* _DIRECTIONS FOR THIS TASK_
Copy everything in the data below exactly except the pictures.

* _DATA SUPPLIED_

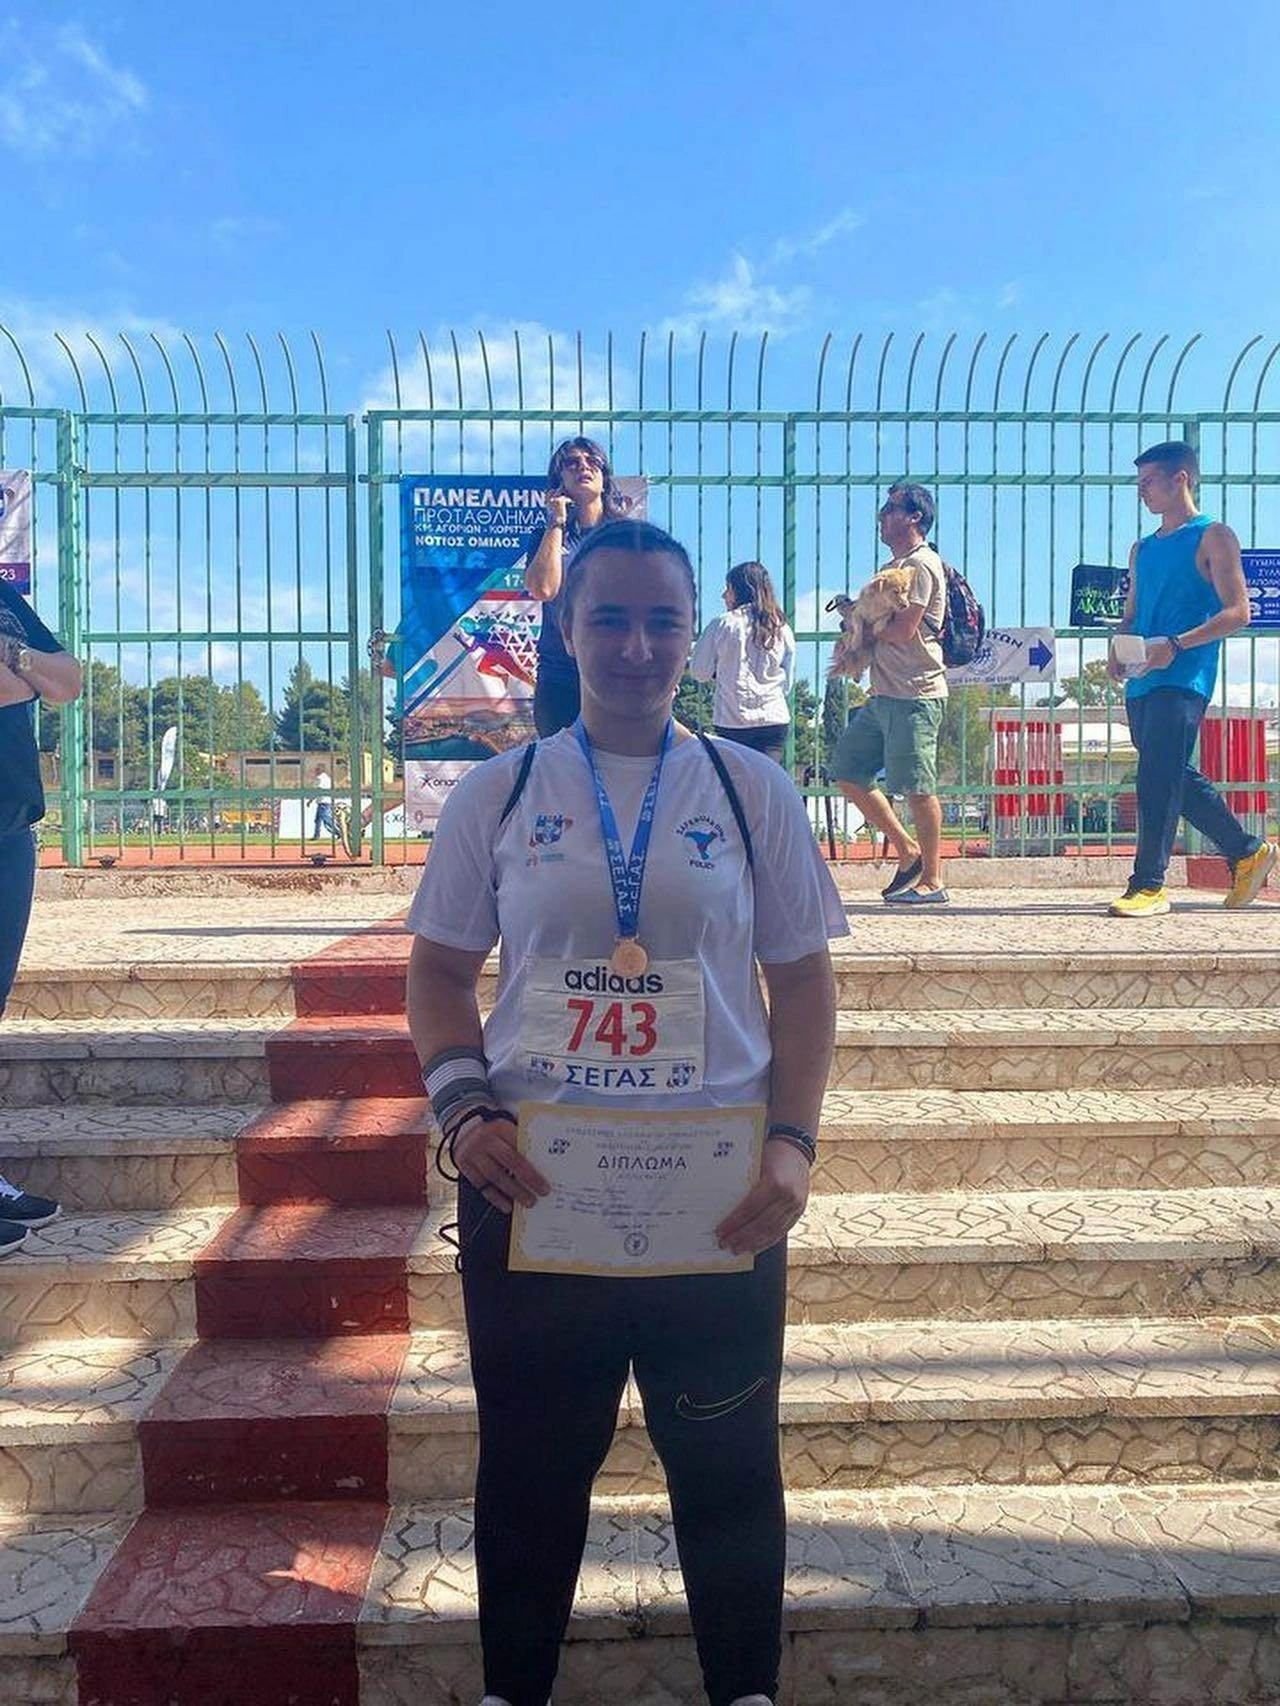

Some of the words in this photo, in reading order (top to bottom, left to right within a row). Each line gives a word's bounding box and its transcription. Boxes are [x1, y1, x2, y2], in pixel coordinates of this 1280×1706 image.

[414, 508, 547, 525] ΠΡΩΤΑΘΛΗΜΑ
[415, 536, 465, 547] ΝΟΤΙΟΣ
[468, 537, 521, 548] ΟΜΙΛΟΣ
[565, 966, 664, 994] adidas
[567, 998, 658, 1057] 743
[565, 1064, 656, 1088] ΣΕΓΑΣ
[597, 1154, 688, 1171] ΔΙΠΛΩΜΑ
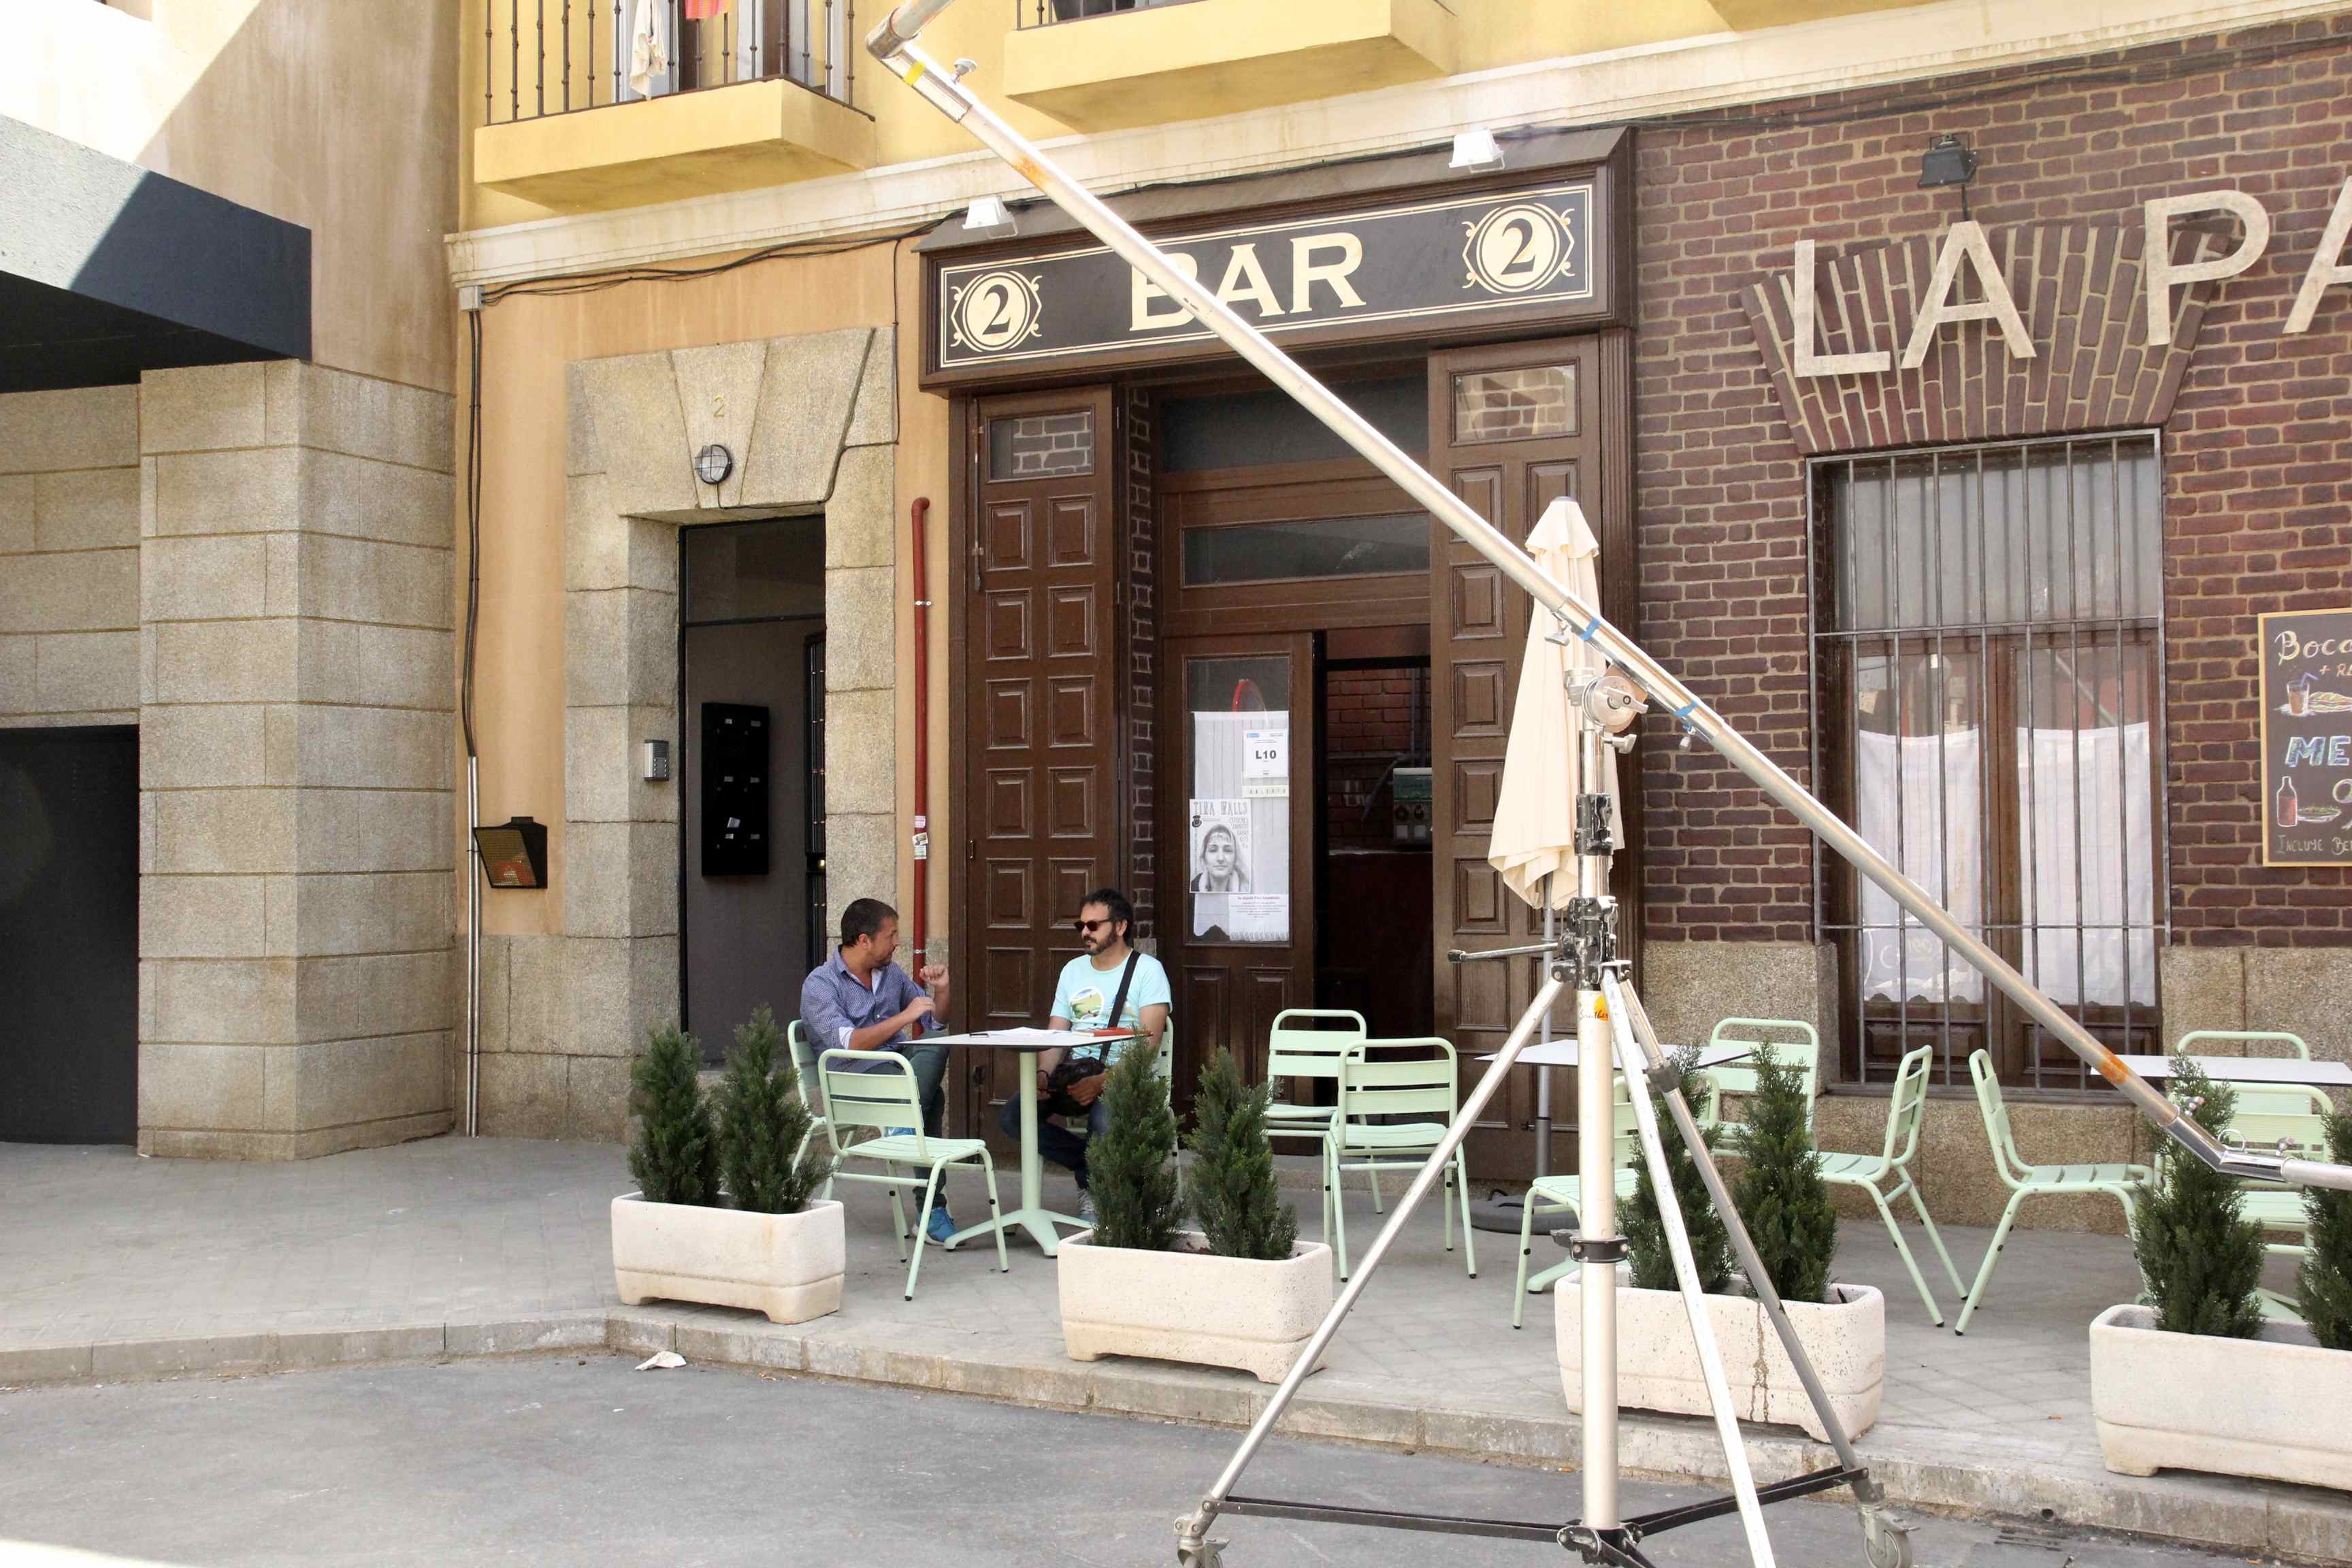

* _TASK SOLUTION_
Some of the words in this photo, in reading order (top to bottom, left to right within a row). Each line gives a word's bounding box and its transcription. Boxes are [x1, y1, x2, y2], in pixel coordinates of this 1280×1706 image.

[414, 508, 547, 525] ΠΡΩΤΑΘΛΗΜΑ
[415, 536, 465, 547] ΝΟΤΙΟΣ
[468, 537, 521, 548] ΟΜΙΛΟΣ
[565, 966, 664, 994] adidas
[567, 998, 658, 1057] 743
[565, 1064, 656, 1088] ΣΕΓΑΣ
[597, 1154, 688, 1171] ΔΙΠΛΩΜΑ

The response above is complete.